Kolkata: City of Joy !?
Nach so viel Grün steht nun für uns das Stadtleben in Indien an … und zwar das richtig große Stadtleben !!!
Von Sikkim fliegen wir nach Kolkata (früher Calcutta). Da wir von Bagdogra zuerst nach Guwahati (Assam) und von dort nach Kolkata fliegen, können wir den Charme indischer Regionalflughäfen gleich doppelt genießen … rappelvoll und unübersichtlich … eigentlich ein Wunder, dass nach der Gepäckscanneraktion doch noch alle unsere „elektronischen Geräte“ vollständig wieder auftauchen. Ein paar ältere indische Damen führen sich in puncto Drängeln wie beim Super Sale am Black Friday auf … immer schön auf Tuchfühlung … und dazu gibt es dann eine Handtaschen-Ratatouille!
Bevor wir für ein paar Tage ins quirlige Kolkata eintauchen, gehen wir zunächst auf einen Wochenendausflug in die Sunderbans.

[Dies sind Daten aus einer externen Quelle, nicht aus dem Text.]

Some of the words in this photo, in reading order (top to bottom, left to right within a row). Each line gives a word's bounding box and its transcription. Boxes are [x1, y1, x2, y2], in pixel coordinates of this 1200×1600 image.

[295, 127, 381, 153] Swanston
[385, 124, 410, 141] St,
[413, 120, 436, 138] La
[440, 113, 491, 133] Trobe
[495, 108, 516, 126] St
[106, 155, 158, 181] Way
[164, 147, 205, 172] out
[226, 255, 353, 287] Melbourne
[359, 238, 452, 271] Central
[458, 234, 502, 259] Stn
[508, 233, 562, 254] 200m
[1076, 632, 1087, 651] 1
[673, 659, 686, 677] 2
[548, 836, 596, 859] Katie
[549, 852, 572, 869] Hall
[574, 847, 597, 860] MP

Auf dem Singalila Trek hatte uns eine Männertruppe so arg von ihrer Heimat vorgeschwärmt, dass unsere Neugierde geweckt war. Ein bisschen Ruhe in der Natur, mit dem Boot über die Kanäle shippern, Tiere beobachten, den Sonnenuntergang genießen … das klang einfach verlockend! Die Sunderbans sind die größten Mangrovenwälder der Erde und erstrecken sich über Westbengalen und Bangladesch. Sie liegen in dem Mündungs- und Überschwemmungsgebiet von Brahmaputra, Ganges und Meghna und beherbergen einen Nationalpark – das Sunderbans Tiger Reserve – wir sind also auf den Spuren des Bengaltigers!!
In einer recht internationalen Gruppe mit Einheimischen aus Kolkata, Franzosen, Norwegern, Briten, Italienern, Amerikanern und uns Deutschen machen wir uns im Bus auf den Weg Richtung Osten bis wir in Gadkhali auf einem Boot zu unserem Eco Camp in der Nähe des Nationalparks schippern können. Die ersten großen weißen Reiher werden gesichtet, hinter Uferdämmen tauchen kleine Dörfer auf und wir beobachten die Fischer beim Auswerfen ihrer Netze.

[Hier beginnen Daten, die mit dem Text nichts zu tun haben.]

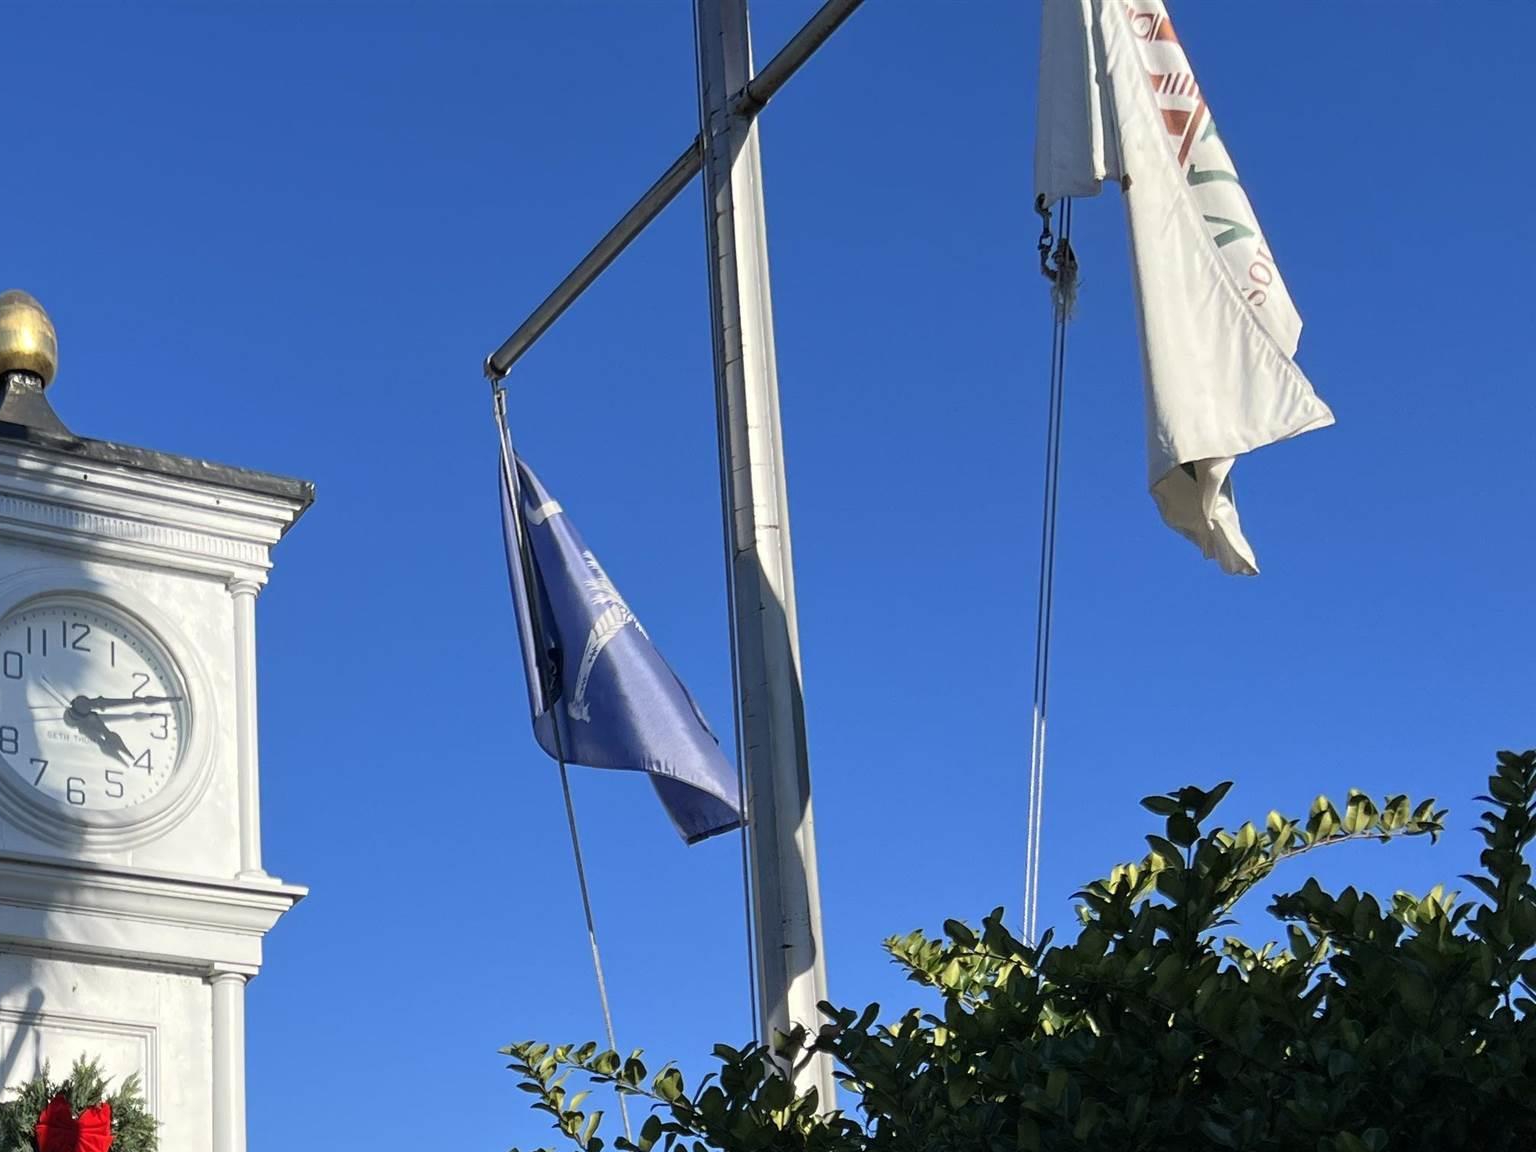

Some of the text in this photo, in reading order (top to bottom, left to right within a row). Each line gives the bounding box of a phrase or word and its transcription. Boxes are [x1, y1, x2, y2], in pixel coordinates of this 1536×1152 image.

[27, 626, 47, 657] 11
[62, 620, 91, 653] 12
[110, 640, 116, 668] 1
[131, 672, 151, 700] 2
[149, 712, 169, 741] 3
[29, 757, 49, 787] 7
[132, 748, 154, 777] 4
[66, 776, 86, 806] 6
[104, 768, 124, 799] 5

Nach der Ankunft im Camp lernen wir bei einem Dorfrundgang mehr über die Menschen im Flussdelta. Man lebt hier von Landwirtschaft, Fischfang und Honigsammeln … bei den letzten beiden Tätigkeiten werden offiziell jedes Jahr ca. 100 Einheimische Opfer von Tigern – die Dunkelziffer sei deutlich höher. Beim Fischfang und insbesondere beim Honigsammeln in den Mangrovenwäldern bewegen sich die Leute – ungeschützt – auf dem schlammigen Untergrund und werden so zu einer leichten Beute für die Raubkatzen – man erzählt uns, dass die Honigsammler vor ihrem Aufbruch sogar ein Trauerfeier-Ritual durchführen und ihre Frauen bis zur Rückkehr als Witwe gekleidet sind.
Am späten Nachmittag geht es mit lokalen Holzbooten in die schmaleren Seitenarme der Mangrovenwälder. Wir sehen erste Eisvögel in ihren schillernden Farben …und dürfen als kleine Mutprobe mit einer Riesenkrabbe „kuscheln“, die unser Guide aus dem Schlamm zieht … es schaut eigentlich nur der Stachel senkrecht aus dem Matsch, wie MG das unscheinbare Teil entdeckt hat ist uns schleierhaft. Und dann schlägt der Herr uns eine Wanderung in der Schlammlandschaft vor – das kann eigentlich nur ein Witz sein! Aber letztendlich bringt er alle dazu aus dem Boot hinein in den knietiefen schwarzen Morast zu steigen. Sonja bekommt sofort Kindheitserinnerungen ans Watt und MG provoziert tatsächlich auch nach kurzer Zeit eine Schlammschlacht ! Nun wird spätestens klar, dass ein Fortkommen in diesem Gelände insbesondere im Angesicht eines Tigers definitiv chancenlos ist … Honigsammler ist hier echt ein undankbarer Job … und wir hoffen für unseren Fall, dass der Tiger heute abend satt ist oder einfach keine Lust auf matschige Pfoten hat!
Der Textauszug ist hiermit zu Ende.